Embora reconhecendo o elevado mérito da iniciativa, que objetiva assegurar ao consumidor o melhor atendimento e a aquisição do produto que realmente procura, a medida não reúne condições de ser convertida em lei, impondo-se o seu veto total, na conformidade das razões a seguir aduzidas.
Inicialmente, observe-se que o texto contém impropriedades técnicas a inviabilizar a sua aplicação. Destarte, o artigo 1º não delimita, de forma precisa, a obrigação a ser cumprida, exigindo que os estabelecimentos mantenham o indigitado mostruário, sem indicar, contudo, quem seria o responsável por sua elaboração, se o comerciante ou algum órgão do Poder Público. O artigo 3º, inciso II, por sua vez, prevê a penalidade de perda de licença ou alvará de funcionamento, quando, na verdade, os estabelecimentos que comercializam peixes e frutos do mar em feiras-livres e mercados atuam mediante a prática de ato administrativo diverso, qual seja, a permissão de uso.
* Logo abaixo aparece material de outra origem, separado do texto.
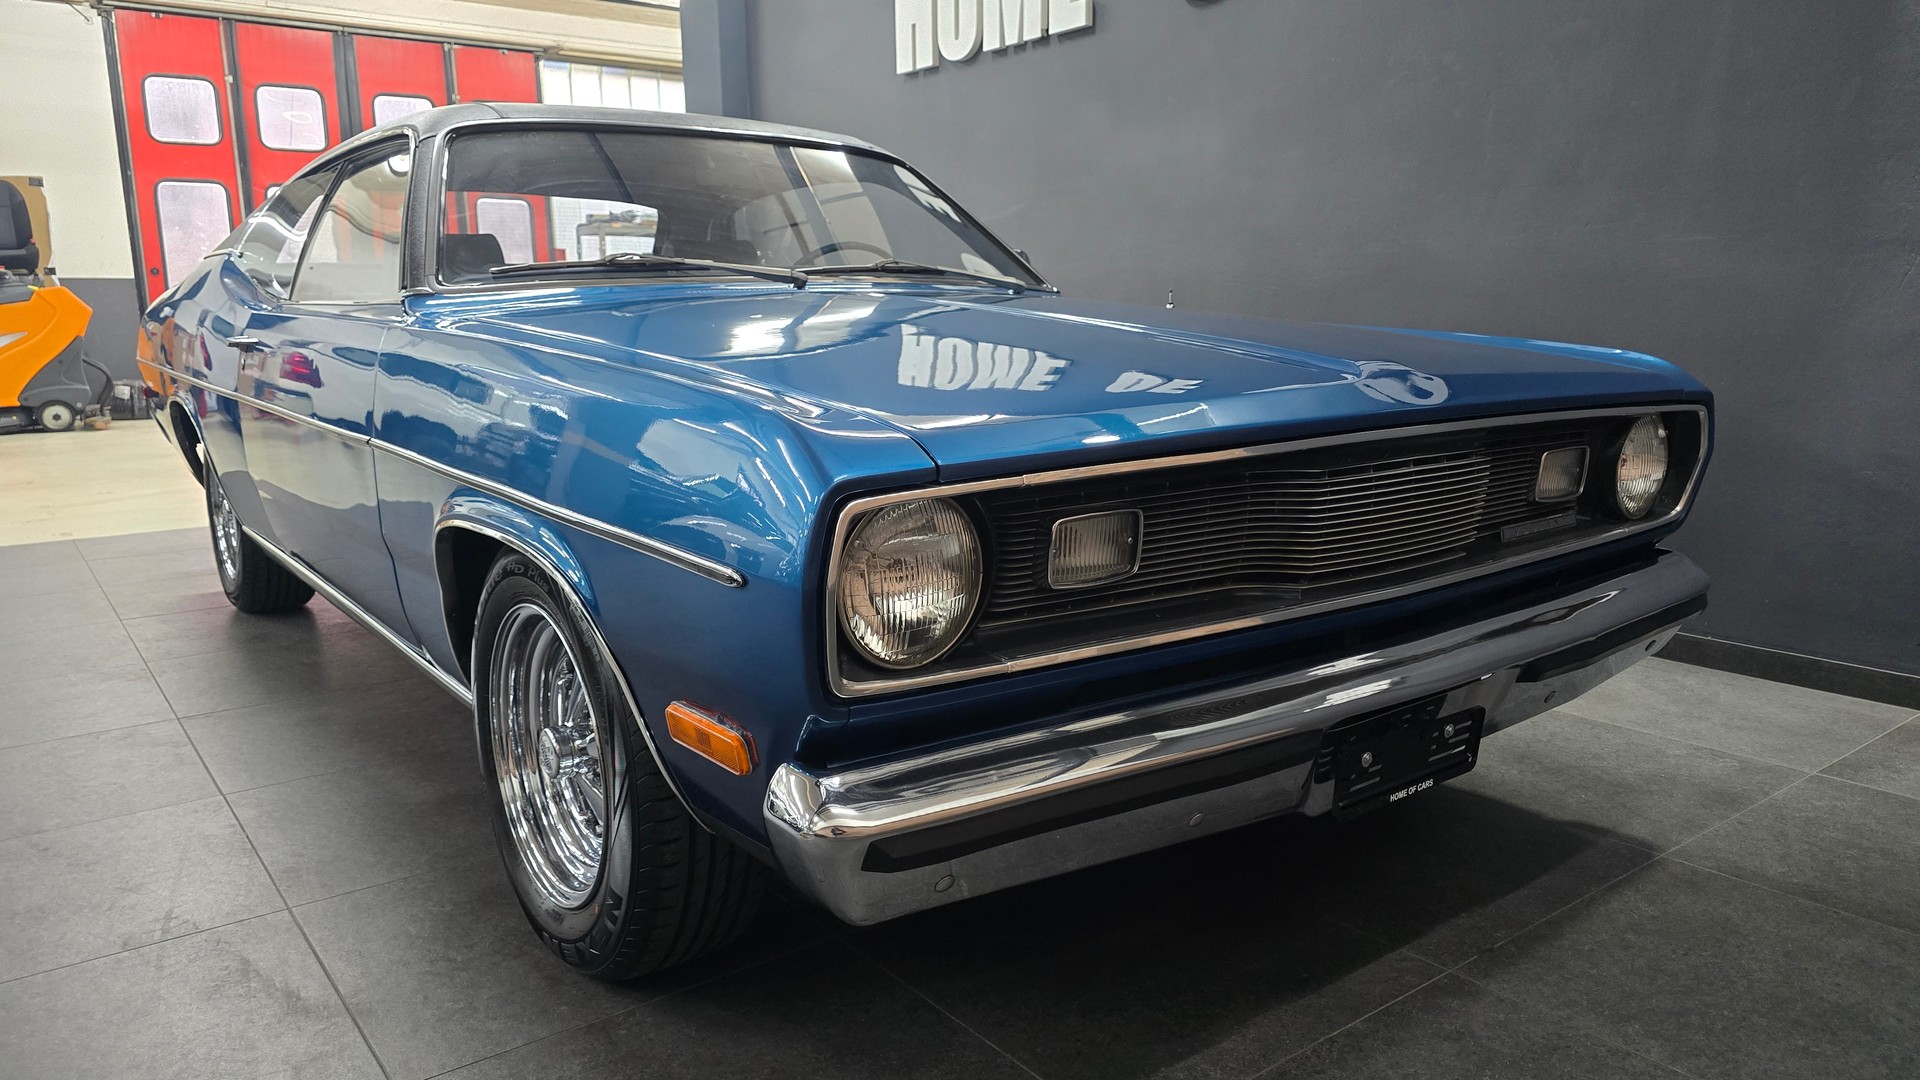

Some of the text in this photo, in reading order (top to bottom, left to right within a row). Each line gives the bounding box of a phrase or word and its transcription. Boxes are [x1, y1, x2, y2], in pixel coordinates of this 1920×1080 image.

A par disso, a propositura se mostra em desacordo com o princípio da razoabilidade, previsto no artigo 111 da Constituição do Estado de São Paulo. De fato, sujeita os estabelecimentos à permanente exposição de mostruário que esgote, por completo, a forma de oferecimento dos aludidos produtos, providência de difícil execução quando consideradas a sazonalidade e a oferta variada de tipos, tamanhos e cores de peixes e frutos do mar disponíveis no decorrer do ano e, ainda, o número excessivo de cortes possíveis em função das referidas características. Ademais, ao consumidor, voltado habitualmente à verificação do preço, qualidade e condições de consumo, seria repassado o trabalho de comparar tais dados com a mercadoria exposta, quando, na realidade, o oferecimento de informações aos clientes sobre os produtos que se encontram à venda é tarefa dos empresários.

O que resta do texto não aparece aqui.